Populist Mobilization and the Crisis of Liberal Democray

Friday, March 30, 2018
Cordova (InterContinental Chicago Magnificent Mile)
Dietmar Schirmer , Political and Social Sciences, Zepelin Univerity, Germany
Liberal democracies in Europe and beyond find themselves challenged by a variety of populist parties and movements. Political science’s search for the causes of populist mobilization revolve primarily around the question whether it is driven by increases in economic insecurity or fear of immigration and cultural diversity. While I agree with the assumption that these are indeed the prime candidates for explaining popular discontent, I suspect that they cannot properly explain why this discontent is being articulated as populism. For this, it might be helpful to turn to democratic theory, and especially the epistemological tension inherent in liberal democracy, i.e. the liberal orientation toward the protection of individual rights and the demotic orientation toward the collective exercise of popular sovereignty.

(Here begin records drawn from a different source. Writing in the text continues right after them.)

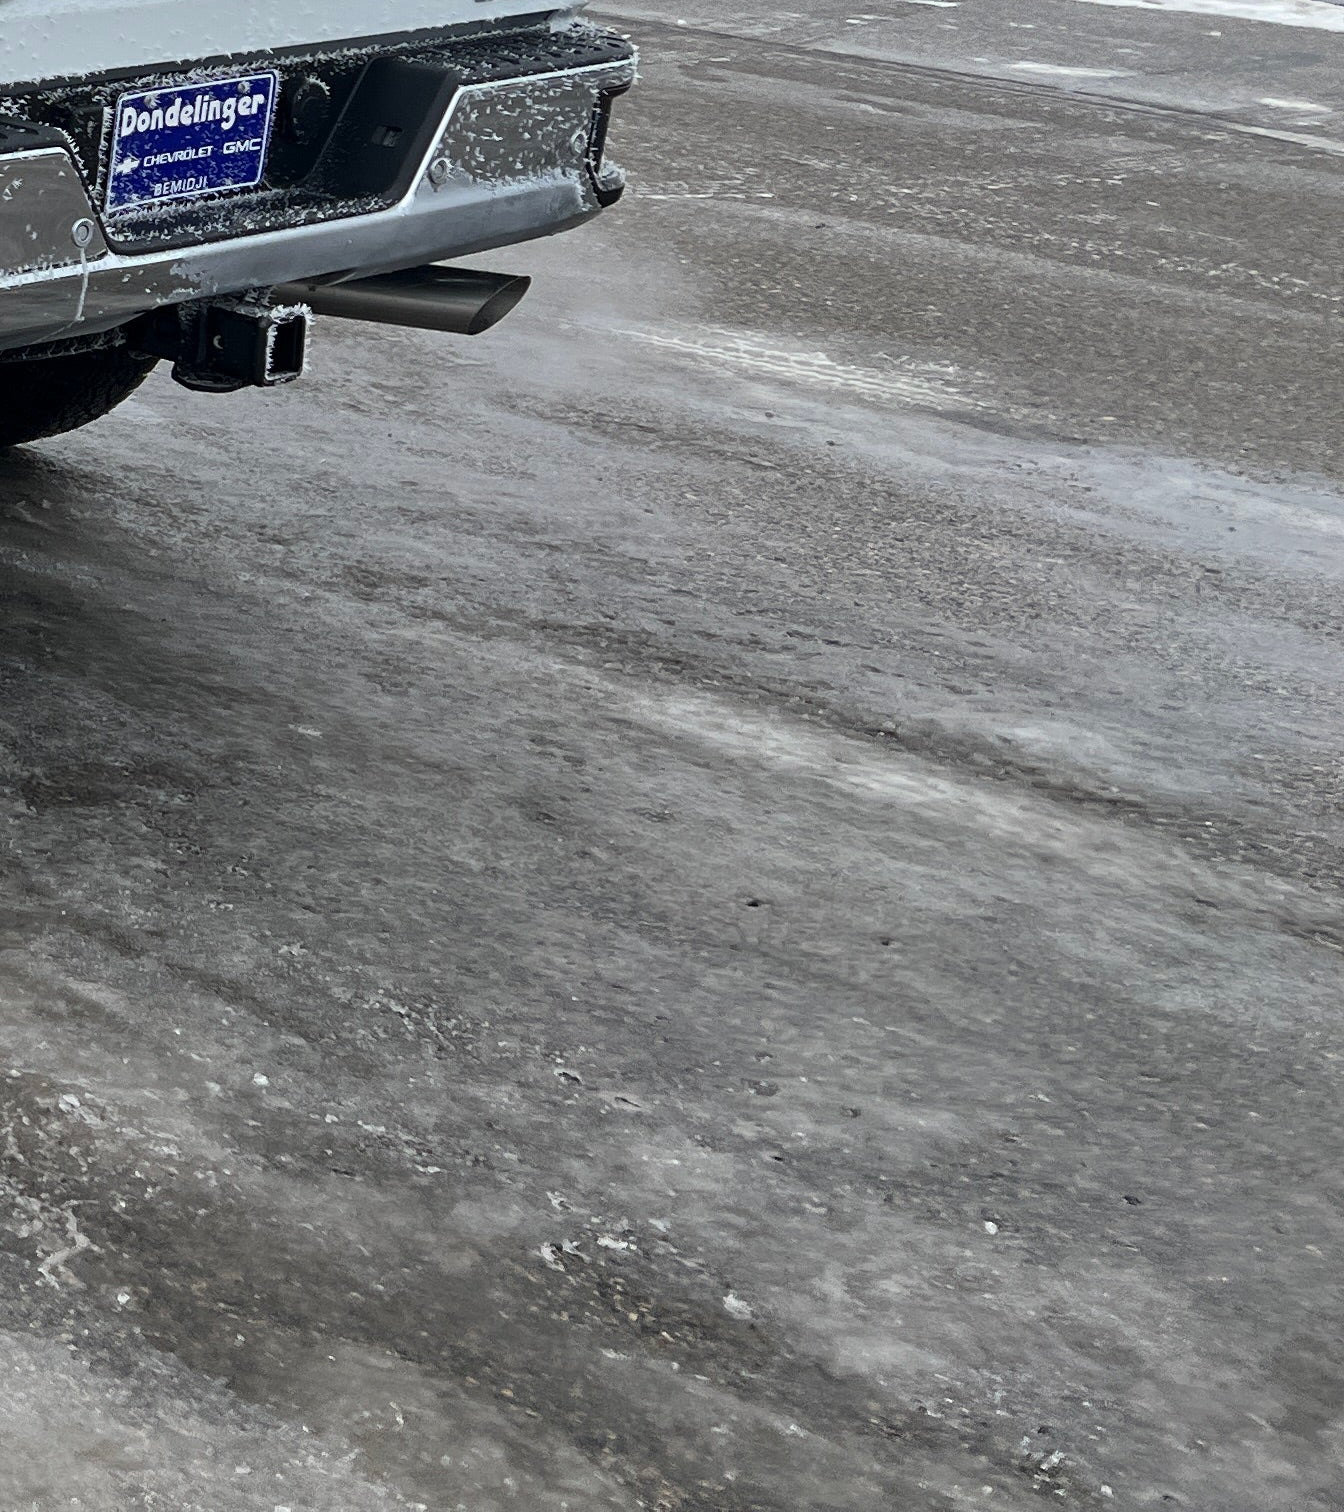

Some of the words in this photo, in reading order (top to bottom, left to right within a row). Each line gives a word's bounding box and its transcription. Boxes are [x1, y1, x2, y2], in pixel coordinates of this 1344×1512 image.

[120, 94, 265, 138] Dondelinger
[143, 145, 214, 167] CHEVROLET
[223, 138, 262, 155] GMC
[153, 175, 208, 197] BEMIDJI
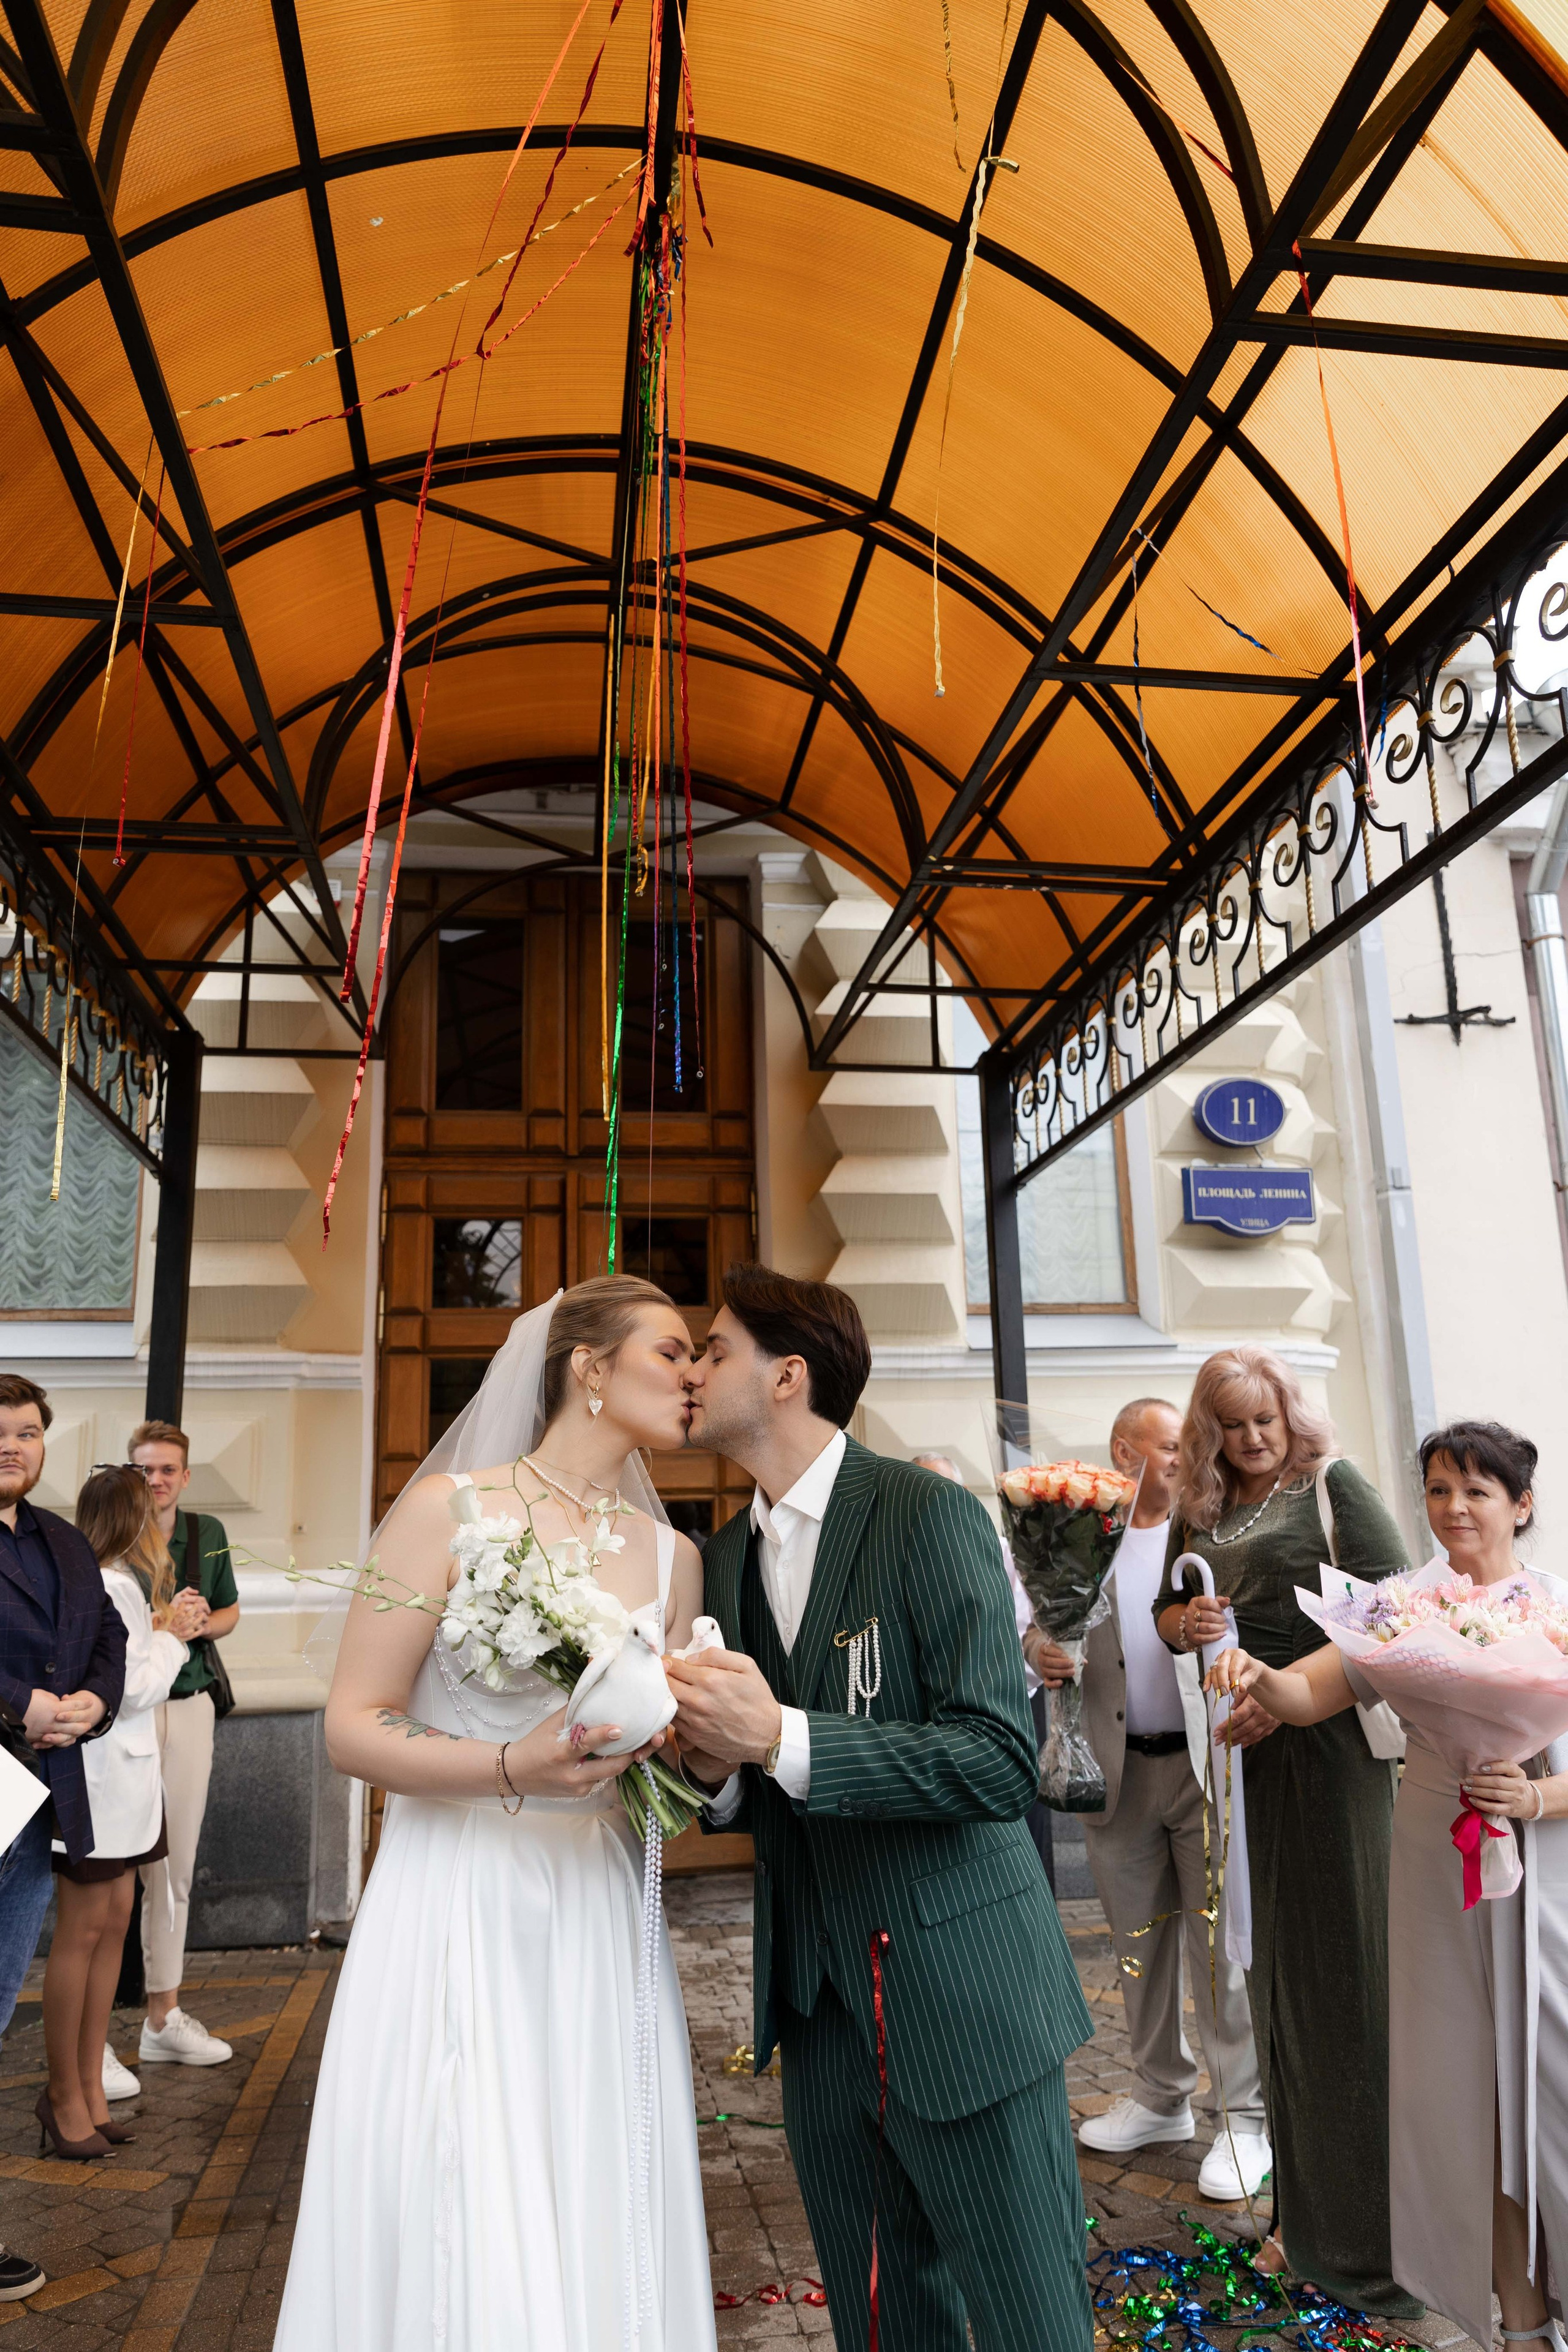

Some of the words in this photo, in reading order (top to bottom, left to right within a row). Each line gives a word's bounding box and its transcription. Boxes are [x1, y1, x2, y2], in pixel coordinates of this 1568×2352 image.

[1231, 1097, 1257, 1125] 11
[1197, 1187, 1256, 1199] ПЛОЩАДЬ
[1259, 1188, 1308, 1199] ЛЕНИНА

Populist rhetoric is unambiguous about its frustration with unresponsive political systems and ineffective political participation. In the paper, I argue that this reflects that the liberal ingredients of liberal democracy have increasingly overwhelmed the democratic ones. This can be observed both in democratic theory (not only in the Rawlsian mainstream, but also, for instance, in the variants of deliberative democracy) as well as democratic practice (were the logic of electoral competition has forced parties to become more alike and the need to build consensus incentivized political actors to frame issues as technical rather than normative matters). The paper builds on the “post-political democracy” literature in political theory, the depoliticization-literature in empirical political science, and early-20th century critics of liberal democracy (the most eloquent of whom was Carl Schmitt).